*Action item*
Every record below needs to be written out exactly, apart from the pictures.

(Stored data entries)
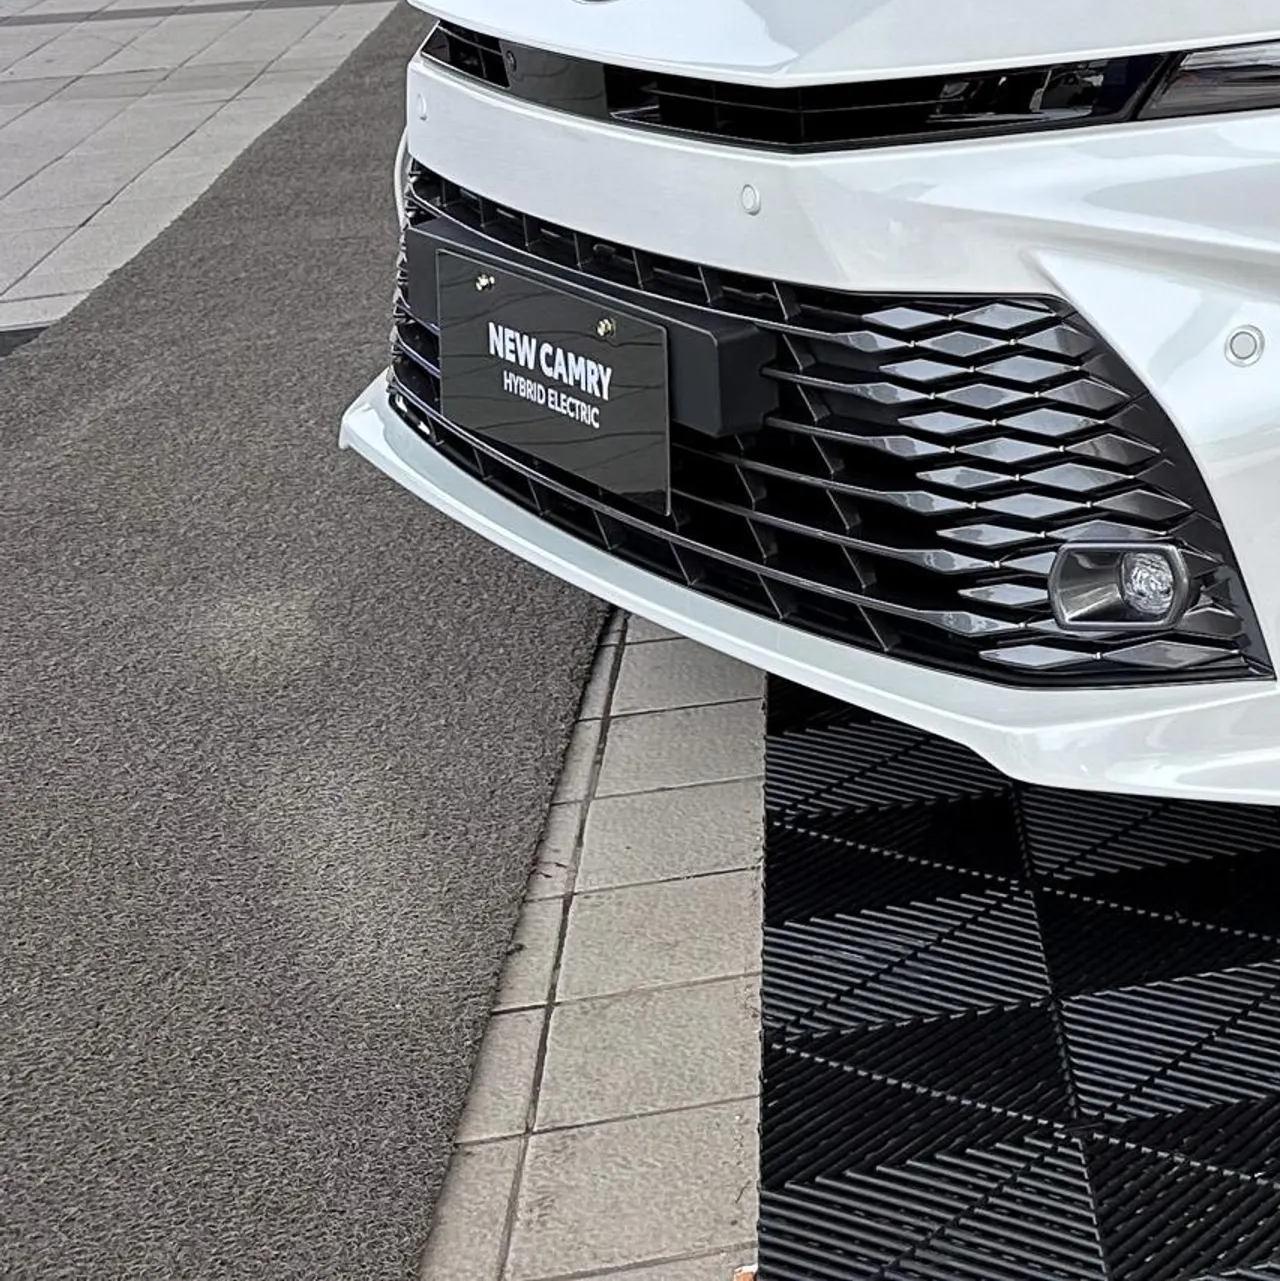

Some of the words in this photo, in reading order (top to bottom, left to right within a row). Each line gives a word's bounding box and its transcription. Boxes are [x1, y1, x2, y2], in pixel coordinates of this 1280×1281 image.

[488, 322, 536, 370] NEW
[540, 343, 612, 400] CAMRY
[503, 370, 546, 405] HYBRID
[547, 388, 600, 429] ELECTRIC
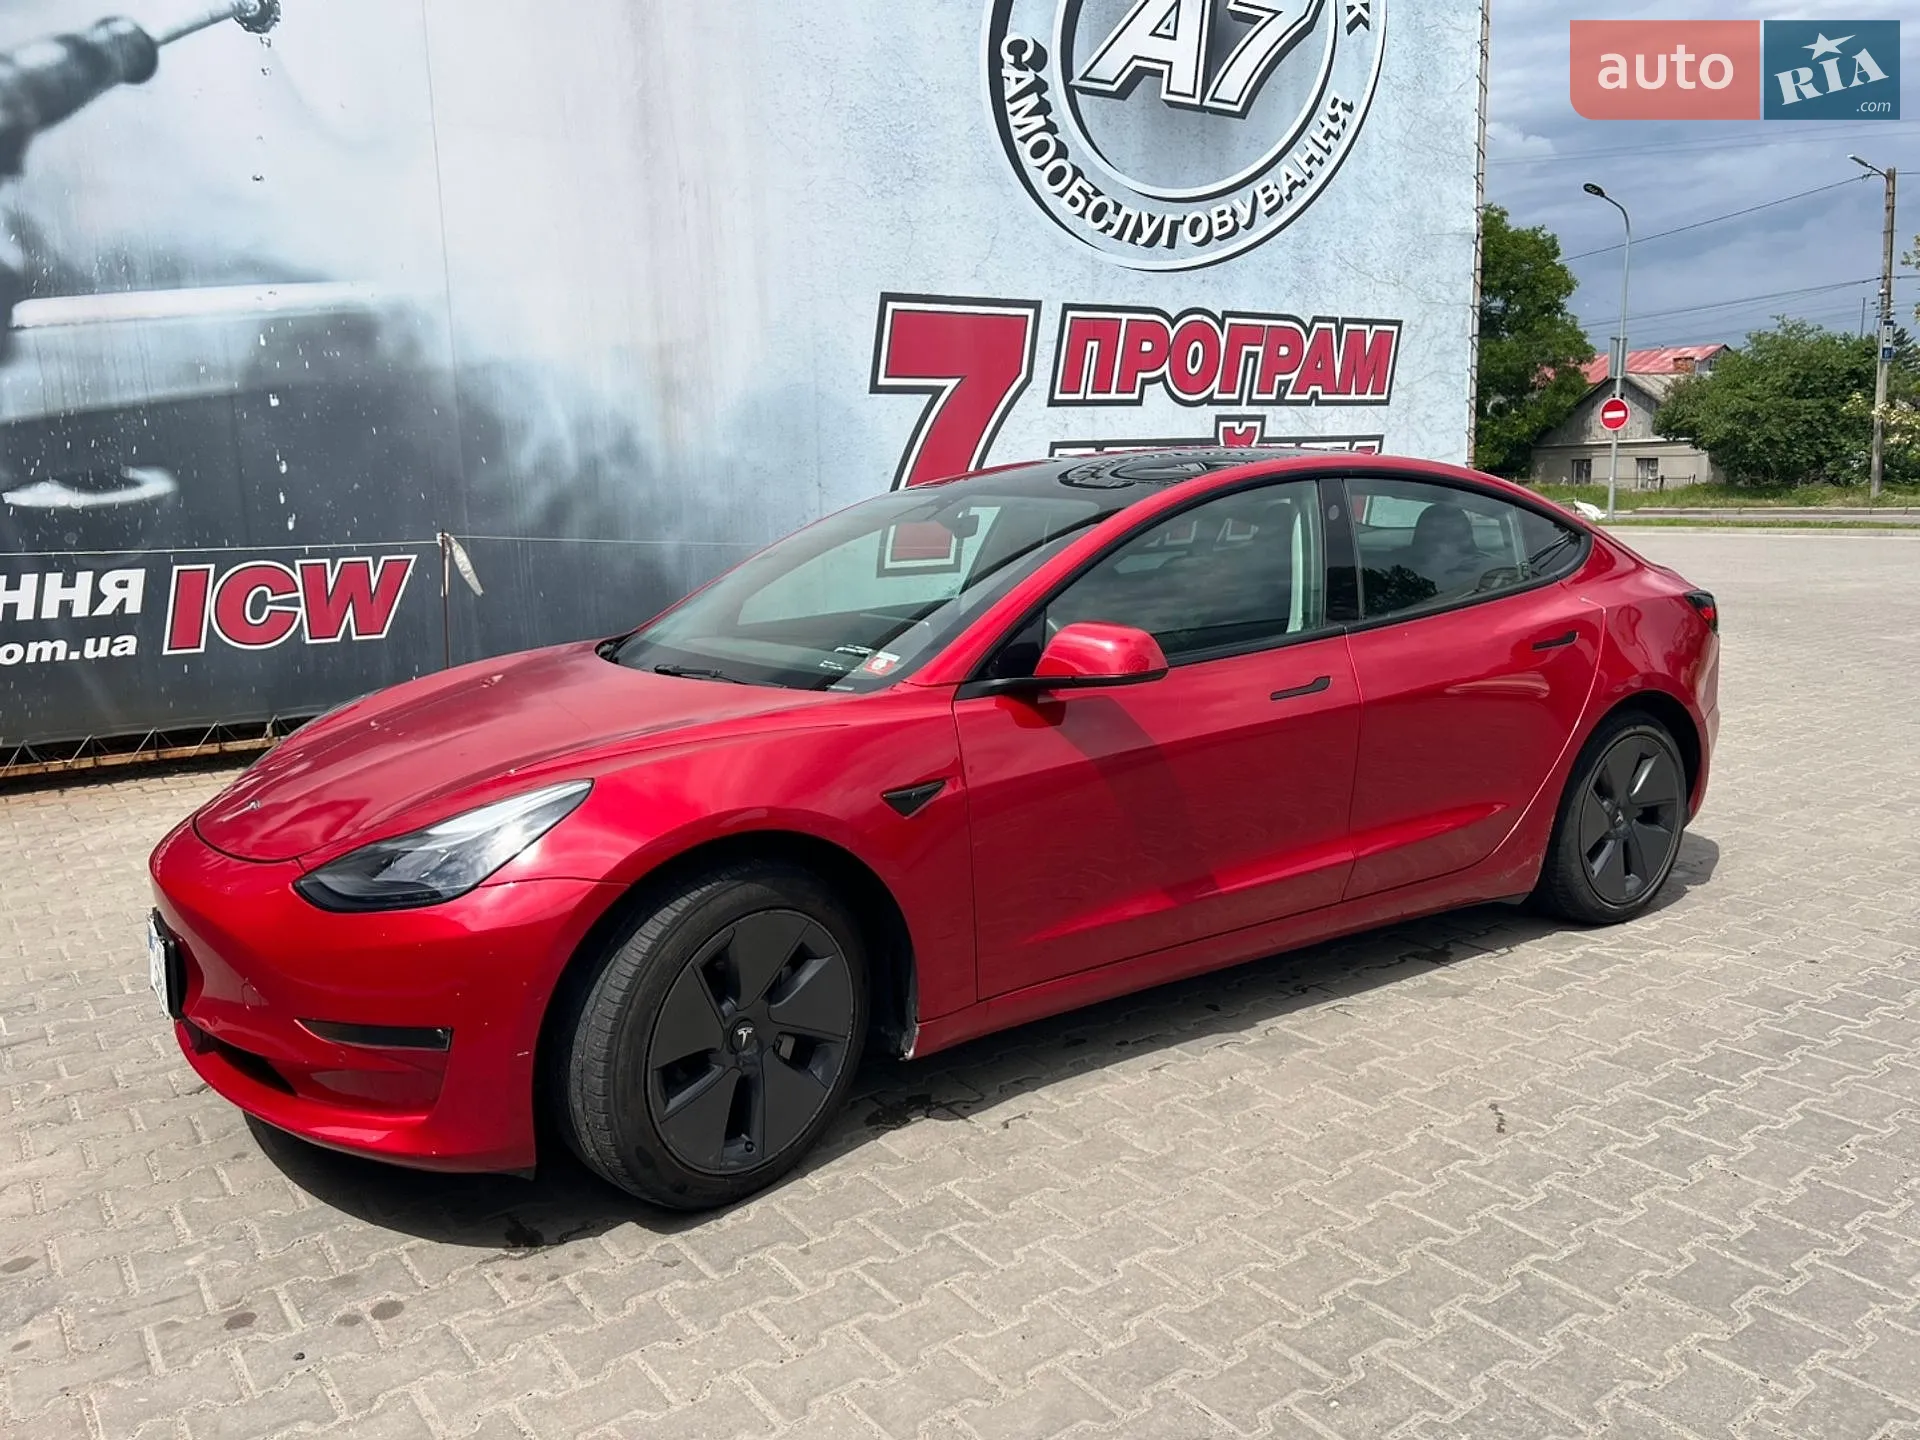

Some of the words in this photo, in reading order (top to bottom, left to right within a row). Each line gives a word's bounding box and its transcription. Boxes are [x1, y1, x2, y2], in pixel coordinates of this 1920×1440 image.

[1000, 33, 1354, 249] САМООБСЛУГОВУВАННЯ
[869, 292, 1042, 577] 7
[1047, 303, 1402, 408] ПРОГРАМ
[0, 568, 146, 621] ННЯ
[163, 555, 418, 655] ICW
[0, 634, 138, 666] om.ua
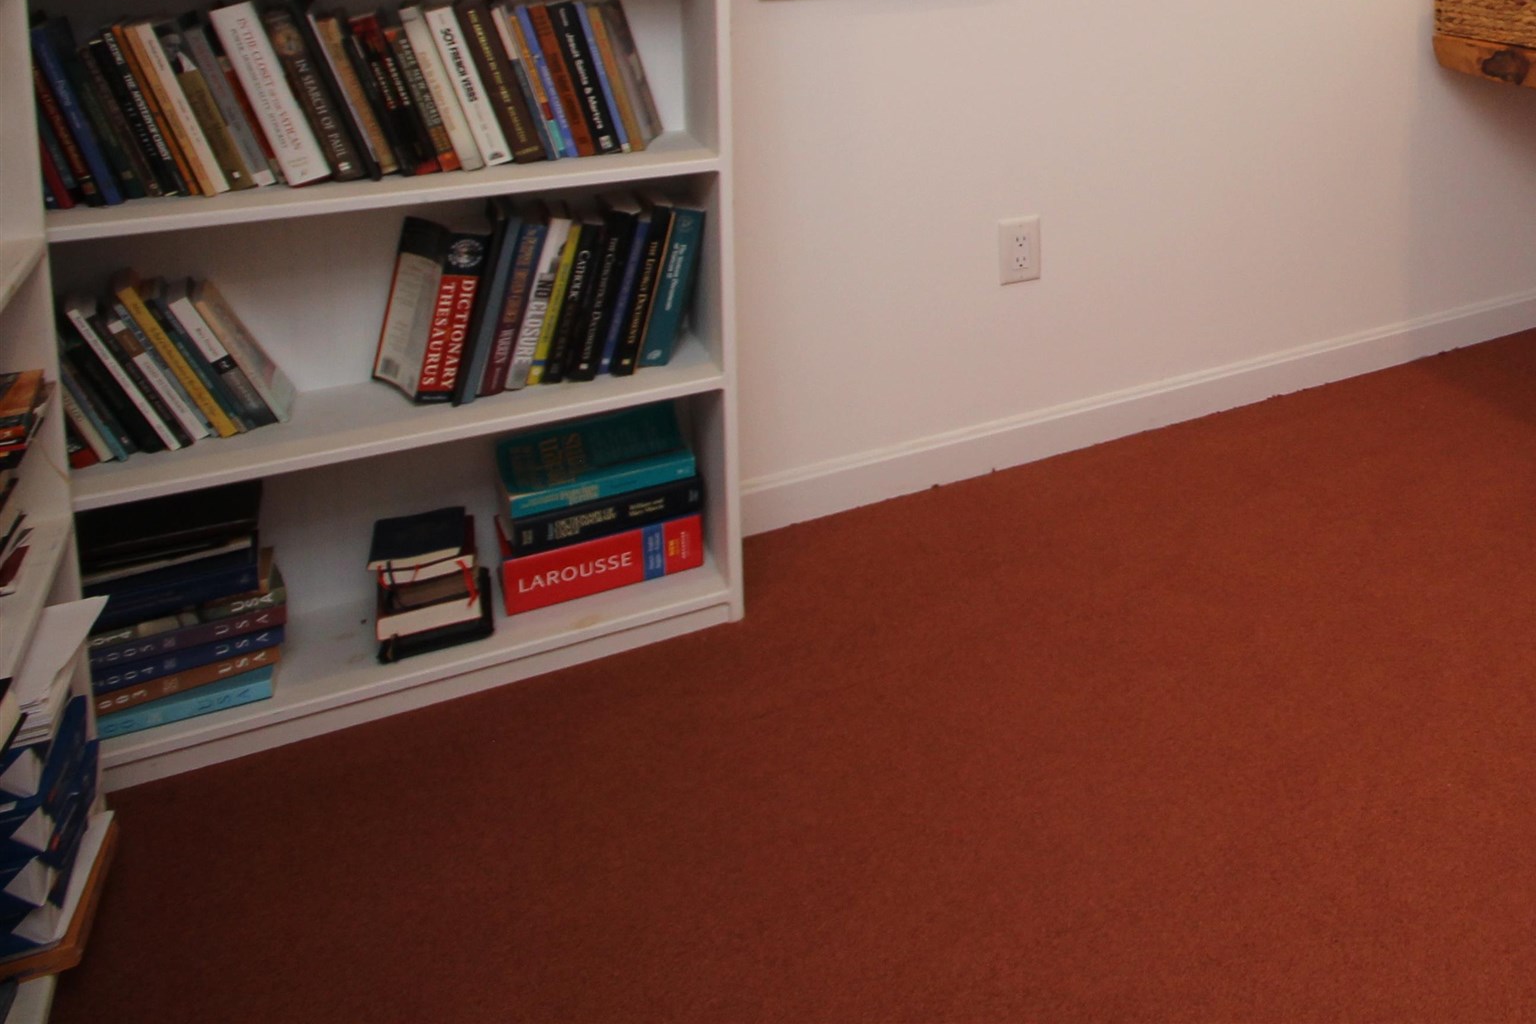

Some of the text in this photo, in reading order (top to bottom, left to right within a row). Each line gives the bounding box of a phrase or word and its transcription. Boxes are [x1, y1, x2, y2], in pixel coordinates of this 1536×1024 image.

[103, 31, 124, 65] KEATING
[446, 45, 467, 76] FRENCH
[460, 76, 478, 104] VERBS
[242, 31, 256, 48] THE
[252, 50, 273, 86] CLOSET
[278, 112, 303, 151] VATICAN
[564, 32, 582, 58] Jesuit
[574, 58, 590, 85] Saints
[587, 95, 605, 130] Martyrs
[131, 90, 151, 123] MYSTERY
[152, 134, 171, 162] CHRIST
[294, 59, 347, 158] IN SEARCH OF PAUL
[420, 91, 443, 126] WORLD
[568, 248, 591, 301] CATHOLIC
[421, 280, 457, 387] THESAURUS
[440, 277, 475, 390] DICTIONARY
[515, 277, 553, 365] NO CLOSURE
[582, 309, 602, 360] DOCUMENTS
[626, 291, 647, 345] DOCUMENTS
[494, 326, 514, 364] WARREN
[518, 551, 633, 593] LAROUSSE
[215, 613, 269, 636] USA
[231, 591, 274, 613] USA
[215, 632, 270, 655] USA
[219, 651, 267, 675] USA
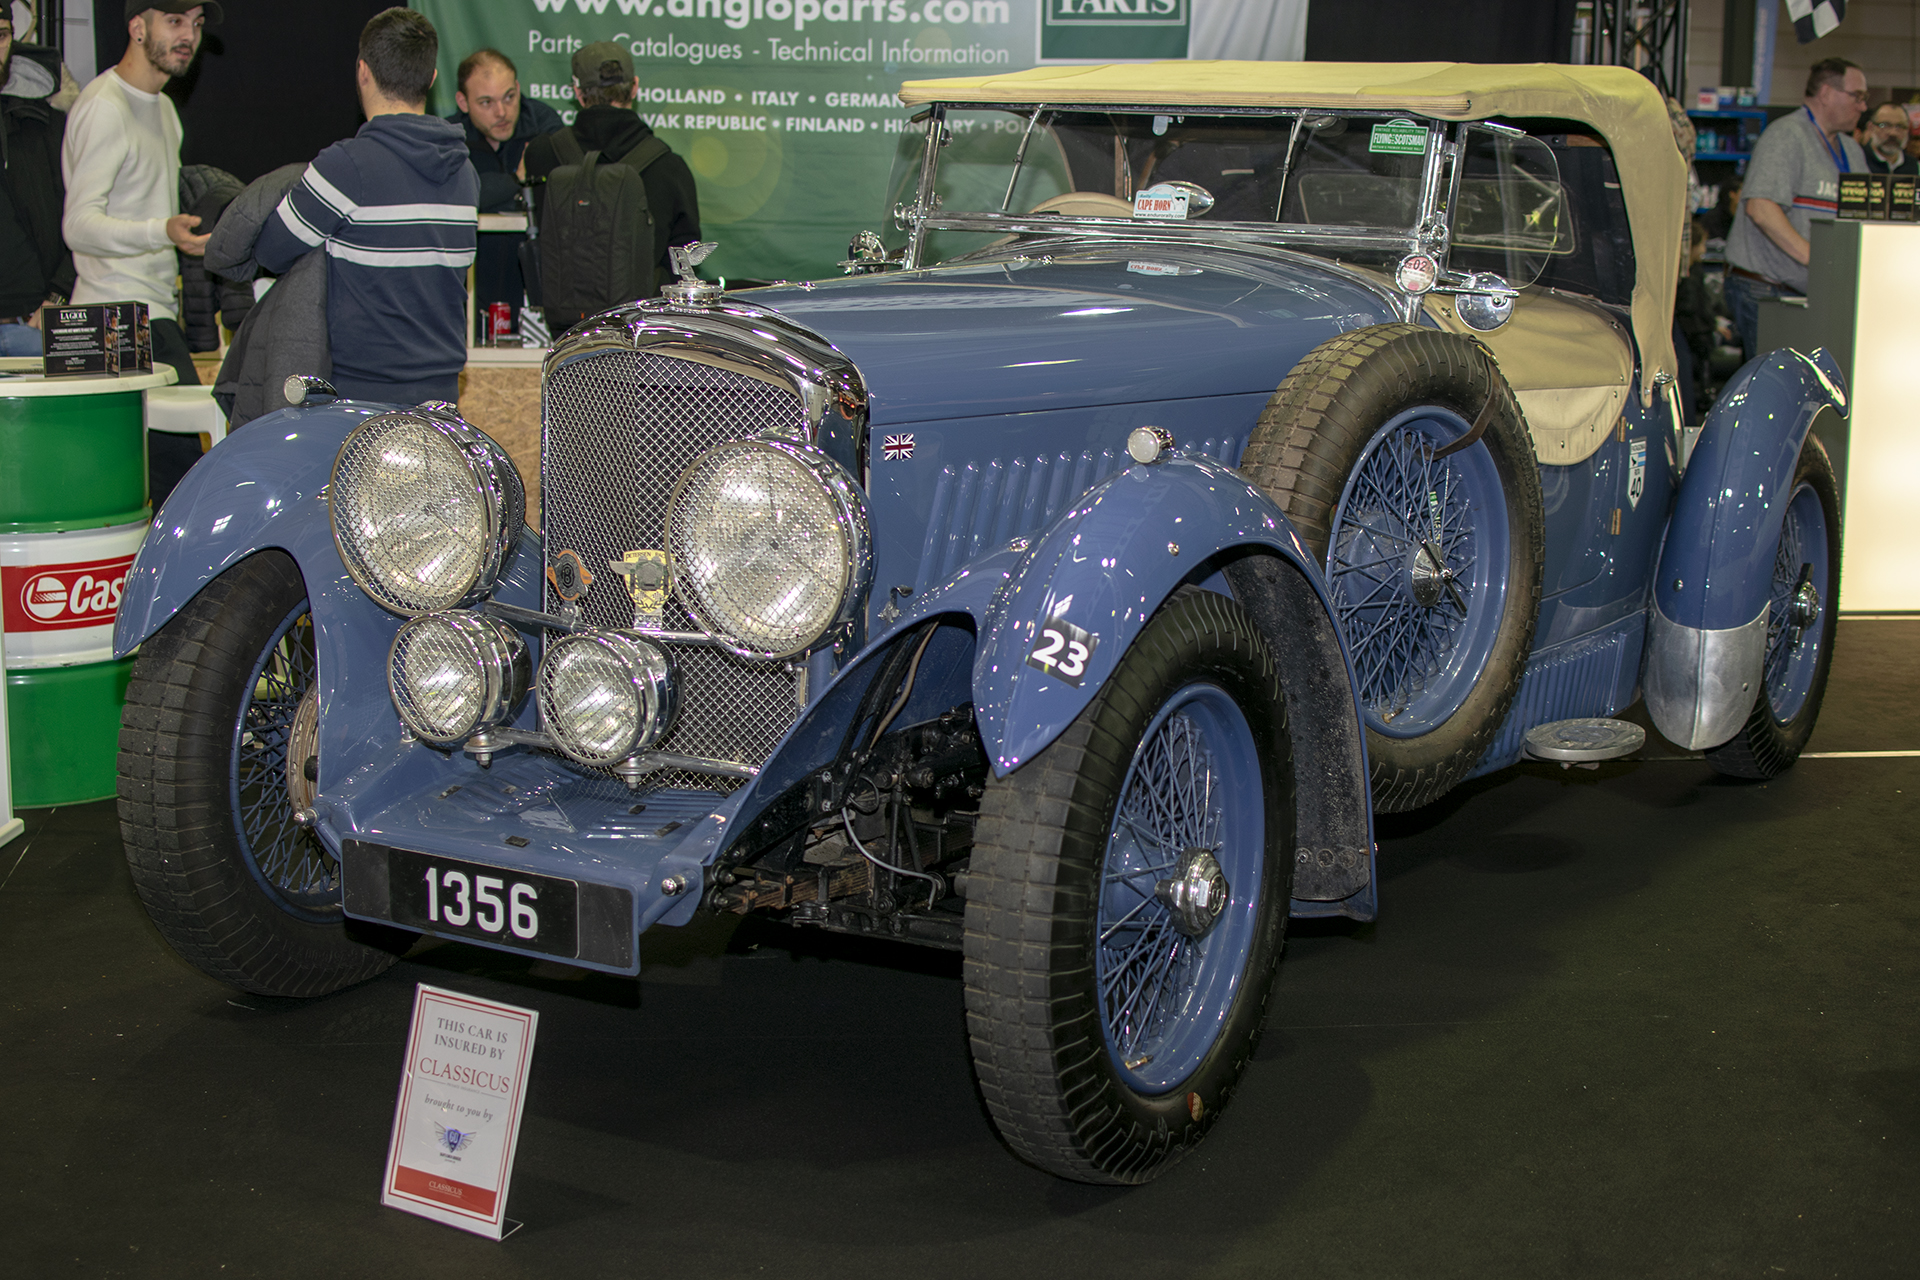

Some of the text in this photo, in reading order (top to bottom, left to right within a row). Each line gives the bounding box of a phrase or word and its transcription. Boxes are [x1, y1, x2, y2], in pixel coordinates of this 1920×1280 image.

[529, 30, 1009, 65] Parts atalogues Technical Information
[530, 83, 906, 108] BELG HOLLAND ITALY GERMAN
[684, 114, 767, 131] REPUBLIC
[786, 117, 865, 133] FINLAND
[884, 118, 976, 134] HUNARY
[1374, 133, 1392, 145] FLYING
[1394, 133, 1426, 146] SCOTSMAN
[1137, 199, 1171, 211] CAPE HORN
[1630, 476, 1642, 499] 40
[69, 574, 127, 615] Cas
[1031, 629, 1089, 677] 23
[425, 867, 539, 939] 1356
[437, 1017, 508, 1043] THIS CAR IS
[434, 1034, 505, 1060] INSURED BY
[420, 1057, 511, 1093] CLASSICUS
[424, 1093, 455, 1111] brought
[464, 1108, 481, 1117] you
[483, 1108, 493, 1122] by
[428, 1180, 464, 1196] CLASSICUS

*Result for this exercise*
Some of the words in this photo, in reading order (top to bottom, left to right within a row). Each line gives a word's bounding box and its transcription. Boxes are [x1, y1, x2, y2], in pixel coordinates of this 1280×1281 image.

[488, 322, 536, 370] NEW
[540, 343, 612, 400] CAMRY
[503, 370, 546, 405] HYBRID
[547, 388, 600, 429] ELECTRIC

Some of the words in this photo, in reading order (top to bottom, left to right within a row). Each line gives a word's bounding box and its transcription. Boxes are [x1, y1, x2, y2], in pixel coordinates of this 1920×1440 image.

[1000, 33, 1354, 249] САМООБСЛУГОВУВАННЯ
[869, 292, 1042, 577] 7
[1047, 303, 1402, 408] ПРОГРАМ
[0, 568, 146, 621] ННЯ
[163, 555, 418, 655] ICW
[0, 634, 138, 666] om.ua

Some of the text in this photo, in reading order (top to bottom, left to right within a row). Each line gives the bounding box of a phrase or word and its transcription. Boxes are [x1, y1, x2, y2], in pixel coordinates of this 1536×1024 image.

[103, 31, 124, 65] KEATING
[446, 45, 467, 76] FRENCH
[460, 76, 478, 104] VERBS
[242, 31, 256, 48] THE
[252, 50, 273, 86] CLOSET
[278, 112, 303, 151] VATICAN
[564, 32, 582, 58] Jesuit
[574, 58, 590, 85] Saints
[587, 95, 605, 130] Martyrs
[131, 90, 151, 123] MYSTERY
[152, 134, 171, 162] CHRIST
[294, 59, 347, 158] IN SEARCH OF PAUL
[420, 91, 443, 126] WORLD
[568, 248, 591, 301] CATHOLIC
[421, 280, 457, 387] THESAURUS
[440, 277, 475, 390] DICTIONARY
[515, 277, 553, 365] NO CLOSURE
[582, 309, 602, 360] DOCUMENTS
[626, 291, 647, 345] DOCUMENTS
[494, 326, 514, 364] WARREN
[518, 551, 633, 593] LAROUSSE
[215, 613, 269, 636] USA
[231, 591, 274, 613] USA
[215, 632, 270, 655] USA
[219, 651, 267, 675] USA

Some of the text in this photo, in reading order (top to bottom, left to right within a row). Each line gives the bounding box of a phrase or word and its transcription. Boxes are [x1, y1, x2, y2], in pixel coordinates of this 1920×1280 image.

[529, 30, 1009, 65] Parts atalogues Technical Information
[530, 83, 906, 108] BELG HOLLAND ITALY GERMAN
[684, 114, 767, 131] REPUBLIC
[786, 117, 865, 133] FINLAND
[884, 118, 976, 134] HUNARY
[1374, 133, 1392, 145] FLYING
[1394, 133, 1426, 146] SCOTSMAN
[1137, 199, 1171, 211] CAPE HORN
[1630, 476, 1642, 499] 40
[69, 574, 127, 615] Cas
[1031, 629, 1089, 677] 23
[425, 867, 539, 939] 1356
[437, 1017, 508, 1043] THIS CAR IS
[434, 1034, 505, 1060] INSURED BY
[420, 1057, 511, 1093] CLASSICUS
[424, 1093, 455, 1111] brought
[464, 1108, 481, 1117] you
[483, 1108, 493, 1122] by
[428, 1180, 464, 1196] CLASSICUS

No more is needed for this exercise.